The interesting thing is how we are learning about what’s really going on. Hint, it’s not the mainstream media. Sure, you’ll get stories on the big news sites, but after many people already know.

Internet veterans remember following important but under-reported events on Usenet — newsgroups online that predate most “web sites”. Then people followed news while in chatrooms or in IRC channels. Then it was blogs. Now it’s Youtube and Twitter.

News media is dying, crushed under the weight of having to overproduce mountains of drivel every day, scooped by everyday people with cell phone cameras and internet connections.

A few short health reform items: a summary of the viable, proposed plans; of all things, a commentator from the Financial Times thinks Medicare For All would be an improvement over what we have; I’ve said that true universal healthcare would help small businesses, and now CNN says that health care costs are “choking” small businesses; ivory tower intellectual says the problem is that we groundlings only pay part of our health expenses, ignores people who have to decide which prescriptions they can afford to fill (his ideas had some validity a decade ago so cut him slack); poll says we need “major change” but not an “overhaul” (hint, mandatory coverage is not a major change); the President shows the AMA a carrot (malpractice caps) and a stick (“If we do not fix our health care system, America may go the way of GM — paying more, getting less and going broke.”).
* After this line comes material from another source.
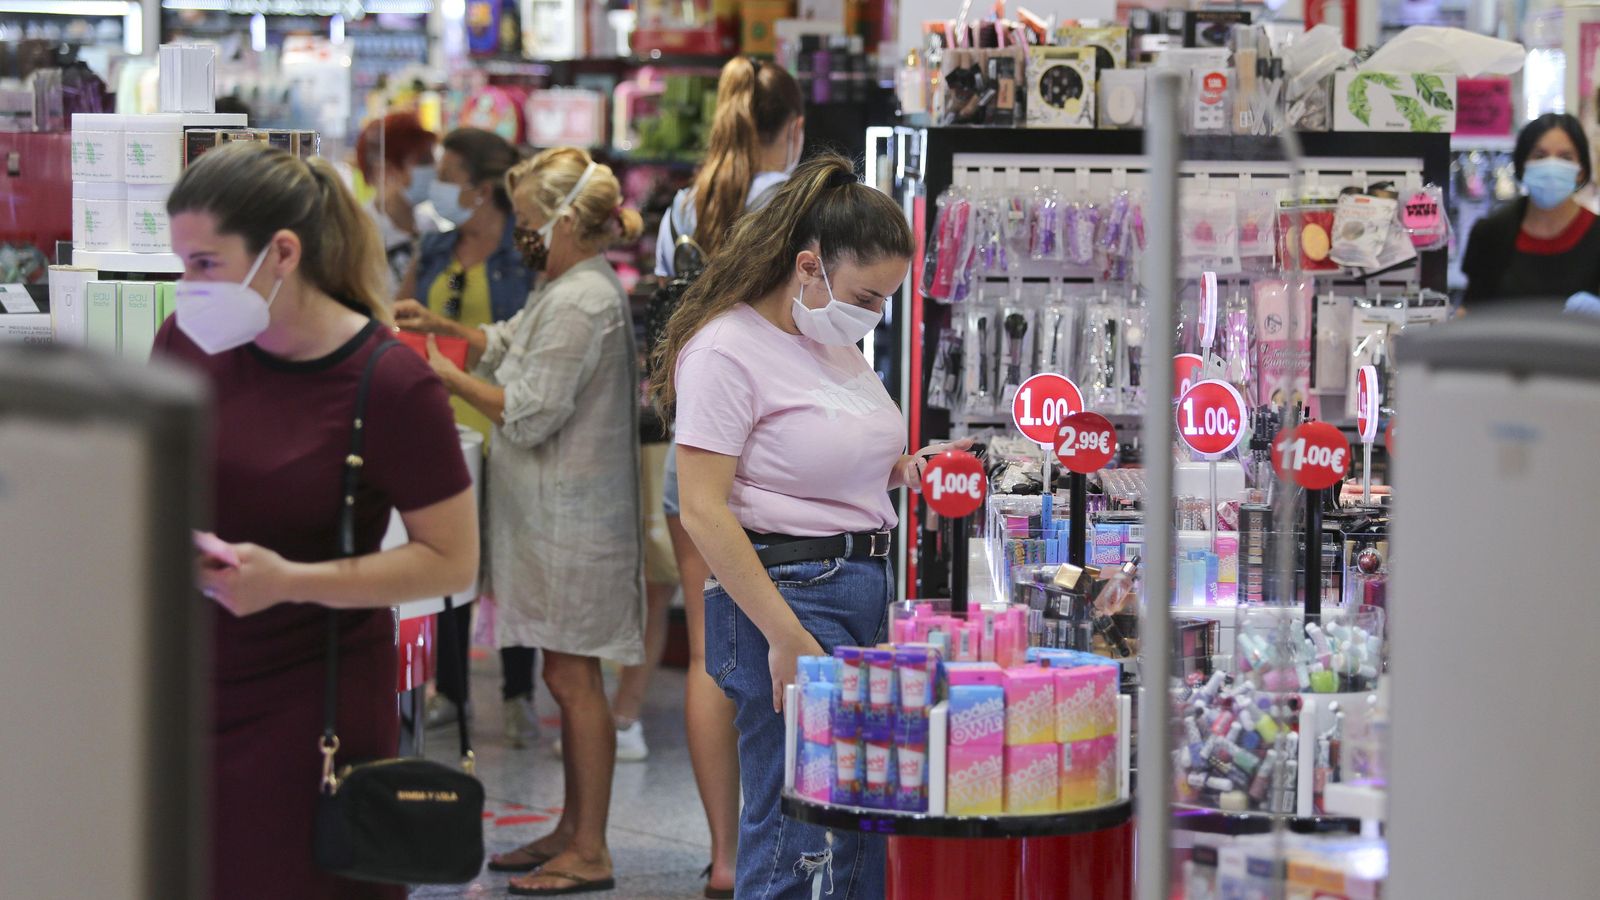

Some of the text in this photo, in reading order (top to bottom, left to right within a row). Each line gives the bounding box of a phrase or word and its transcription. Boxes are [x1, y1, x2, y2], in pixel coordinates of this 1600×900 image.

In Closing: Republican “activist” needs a new sense of humor; Wolf Sanctuary; JP urges us to put blame where it belongs; Regulators Vs Bankers in the fight of the year; Wired on gadgets that were a waste of money; Truth in Comics; and Giant Robot! (Ok, a life-sized Gundam. But still.)

Bankrupt

In this great nation, we had over 6,000 bankruptcy filings a day, every business day in May for a total of more than 120,000.  We are potentially on track for between 1,393,000 and 1,487,000 filings in 2009. Talk about trends everyone hopes will be broken. And the data seems to indicate that we’re nowhere near the end of this “recession.”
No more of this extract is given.